Produce a verbatim copy of the data below that contains no pictures.

□ □ □

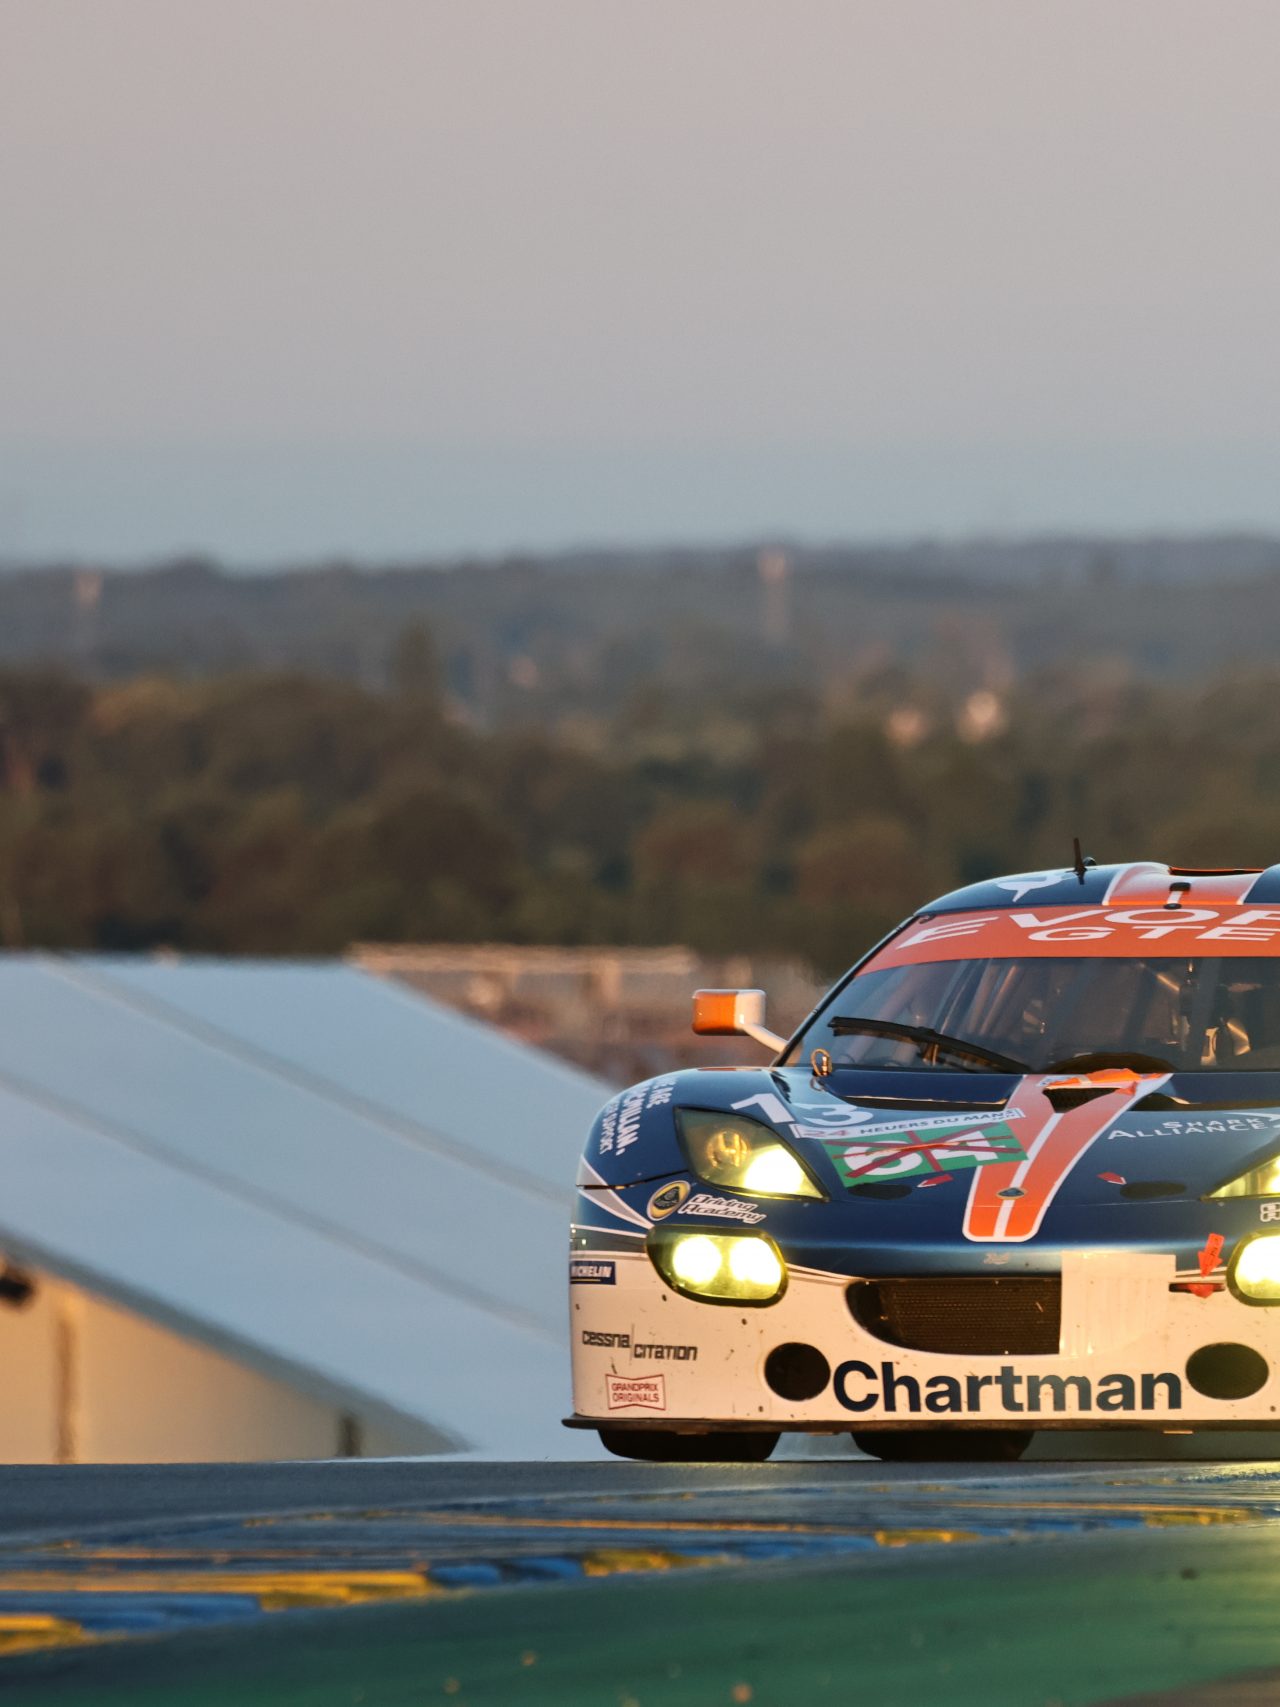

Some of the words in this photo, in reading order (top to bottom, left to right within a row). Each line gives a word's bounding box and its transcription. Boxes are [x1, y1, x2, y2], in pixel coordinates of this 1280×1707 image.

[731, 1093, 874, 1128] 13
[933, 1117, 959, 1126] DU
[1163, 1117, 1262, 1129] SHARK
[1107, 1123, 1269, 1140] ALLIANCE
[690, 1194, 757, 1212] Driving
[680, 1203, 765, 1223] Academy
[833, 1359, 1183, 1413] Chartman
[612, 1392, 660, 1403] ORIGINALS
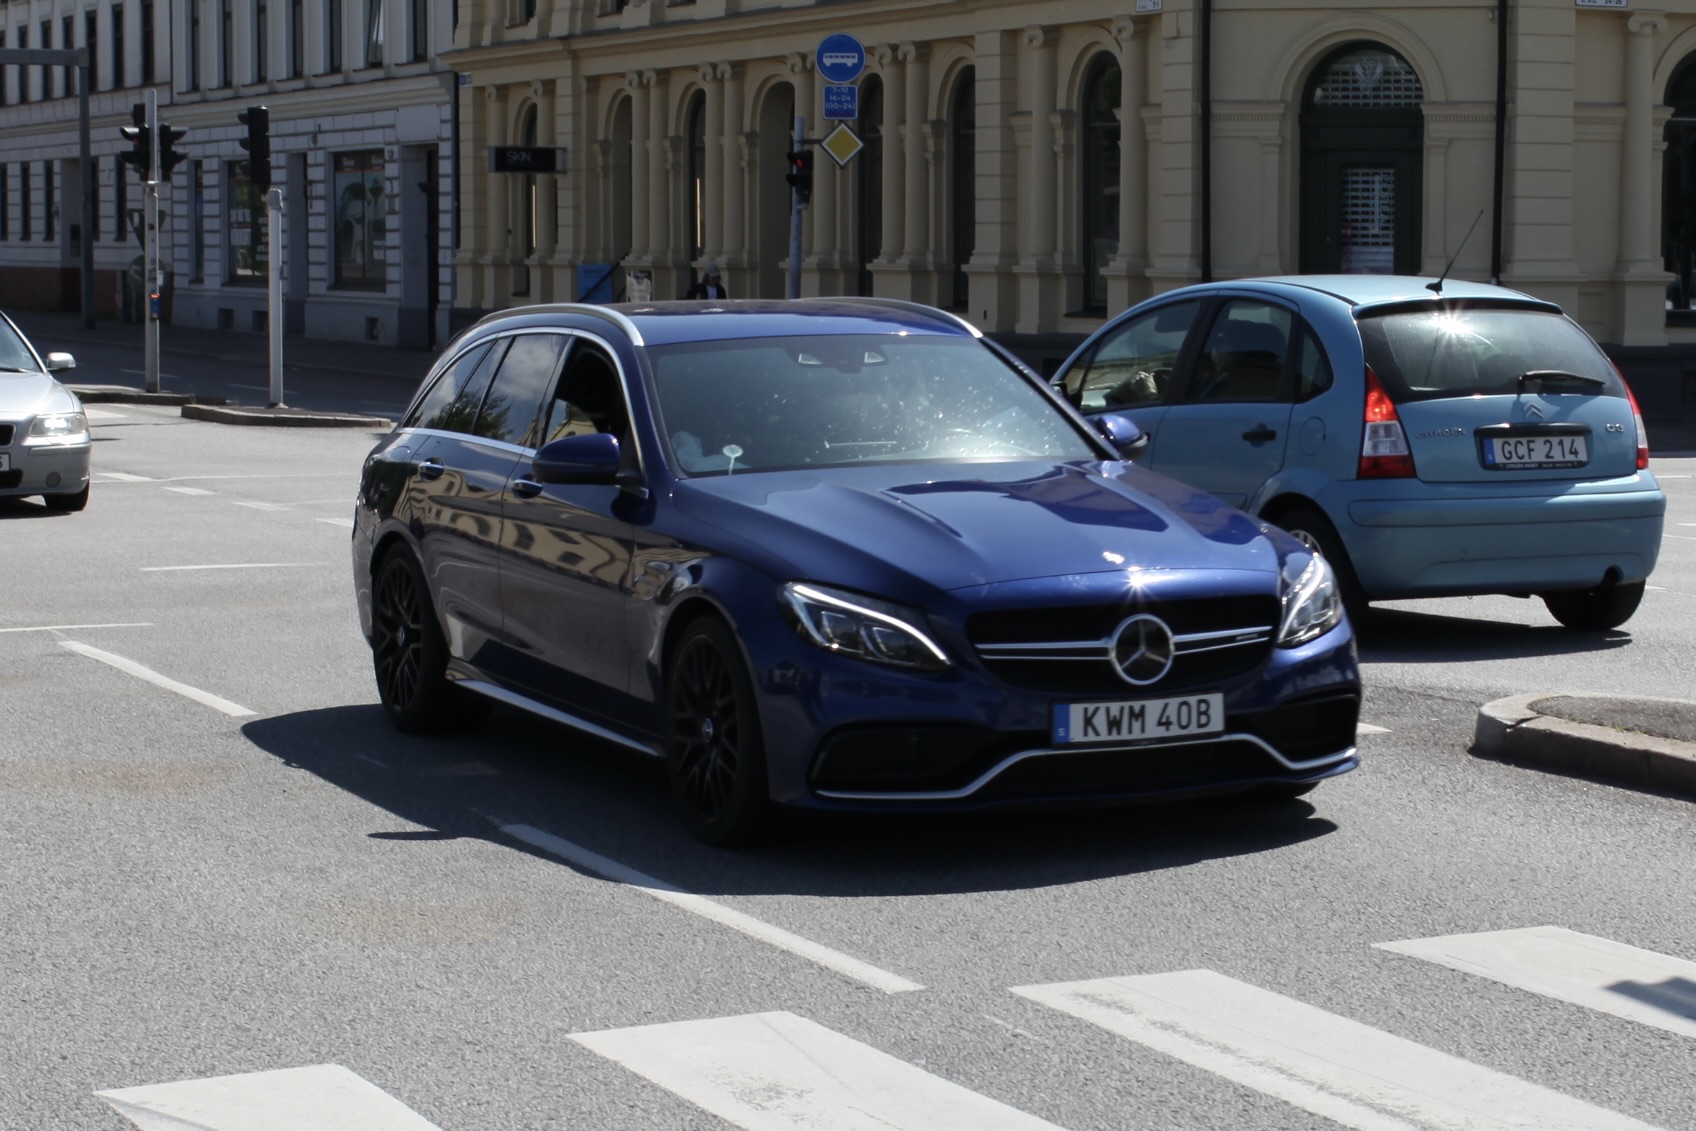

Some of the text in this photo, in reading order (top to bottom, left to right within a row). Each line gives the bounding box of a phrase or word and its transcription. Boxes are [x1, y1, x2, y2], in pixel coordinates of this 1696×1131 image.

[1502, 439, 1579, 461] GCF 214
[1083, 699, 1211, 737] KWM 40B
[1058, 728, 1065, 736] S

□ □ □

REPLY
Some of the words in this photo, in reading order (top to bottom, left to right within a row). Each line gives a word's bounding box and its transcription. Boxes are [x1, y1, x2, y2], in pixel coordinates of this 1280×1707 image.

[731, 1093, 874, 1128] 13
[933, 1117, 959, 1126] DU
[1163, 1117, 1262, 1129] SHARK
[1107, 1123, 1269, 1140] ALLIANCE
[690, 1194, 757, 1212] Driving
[680, 1203, 765, 1223] Academy
[833, 1359, 1183, 1413] Chartman
[612, 1392, 660, 1403] ORIGINALS

Some of the text in this photo, in reading order (top to bottom, left to right within a row). Each line gives the bounding box of a phrase or word and its transcription. Boxes are [x1, y1, x2, y2], in pixel coordinates of this 1696×1131 image.

[1502, 439, 1579, 461] GCF 214
[1083, 699, 1211, 737] KWM 40B
[1058, 728, 1065, 736] S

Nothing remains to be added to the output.